#### Entries shown:
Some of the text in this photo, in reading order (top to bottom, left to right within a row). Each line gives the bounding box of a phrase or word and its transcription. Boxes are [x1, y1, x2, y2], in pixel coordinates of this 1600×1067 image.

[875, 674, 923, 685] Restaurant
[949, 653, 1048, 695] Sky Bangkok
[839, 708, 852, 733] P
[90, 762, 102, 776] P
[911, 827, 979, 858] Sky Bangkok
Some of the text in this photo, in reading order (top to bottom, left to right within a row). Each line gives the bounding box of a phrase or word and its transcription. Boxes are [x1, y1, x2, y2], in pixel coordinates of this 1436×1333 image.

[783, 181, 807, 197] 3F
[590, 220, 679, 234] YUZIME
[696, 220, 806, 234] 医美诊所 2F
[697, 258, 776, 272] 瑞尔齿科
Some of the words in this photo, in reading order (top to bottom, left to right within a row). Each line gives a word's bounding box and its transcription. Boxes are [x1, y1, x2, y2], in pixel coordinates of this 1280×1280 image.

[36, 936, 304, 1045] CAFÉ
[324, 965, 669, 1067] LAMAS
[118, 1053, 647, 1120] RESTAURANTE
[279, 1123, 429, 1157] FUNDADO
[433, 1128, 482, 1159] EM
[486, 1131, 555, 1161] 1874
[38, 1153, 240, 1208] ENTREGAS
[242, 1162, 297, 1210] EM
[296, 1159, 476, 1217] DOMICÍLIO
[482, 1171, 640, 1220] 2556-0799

#### Work to be completed:
Every piece of the data must be set down exactly. Omit nothing.

#### Result of the exercise:
Some of the text in this photo, in reading order (top to bottom, left to right within a row). Each line gives the bounding box of a phrase or word and its transcription. Boxes are [x1, y1, x2, y2], in pixel coordinates of this 1600×1067 image.

[875, 674, 923, 685] Restaurant
[949, 653, 1048, 695] Sky Bangkok
[839, 708, 852, 733] P
[90, 762, 102, 776] P
[911, 827, 979, 858] Sky Bangkok
Some of the text in this photo, in reading order (top to bottom, left to right within a row). Each line gives the bounding box of a phrase or word and its transcription. Boxes are [x1, y1, x2, y2], in pixel coordinates of this 1436×1333 image.

[783, 181, 807, 197] 3F
[590, 220, 679, 234] YUZIME
[696, 220, 806, 234] 医美诊所 2F
[697, 258, 776, 272] 瑞尔齿科
Some of the words in this photo, in reading order (top to bottom, left to right within a row). Each line gives a word's bounding box and its transcription. Boxes are [x1, y1, x2, y2], in pixel coordinates of this 1280×1280 image.

[36, 936, 304, 1045] CAFÉ
[324, 965, 669, 1067] LAMAS
[118, 1053, 647, 1120] RESTAURANTE
[279, 1123, 429, 1157] FUNDADO
[433, 1128, 482, 1159] EM
[486, 1131, 555, 1161] 1874
[38, 1153, 240, 1208] ENTREGAS
[242, 1162, 297, 1210] EM
[296, 1159, 476, 1217] DOMICÍLIO
[482, 1171, 640, 1220] 2556-0799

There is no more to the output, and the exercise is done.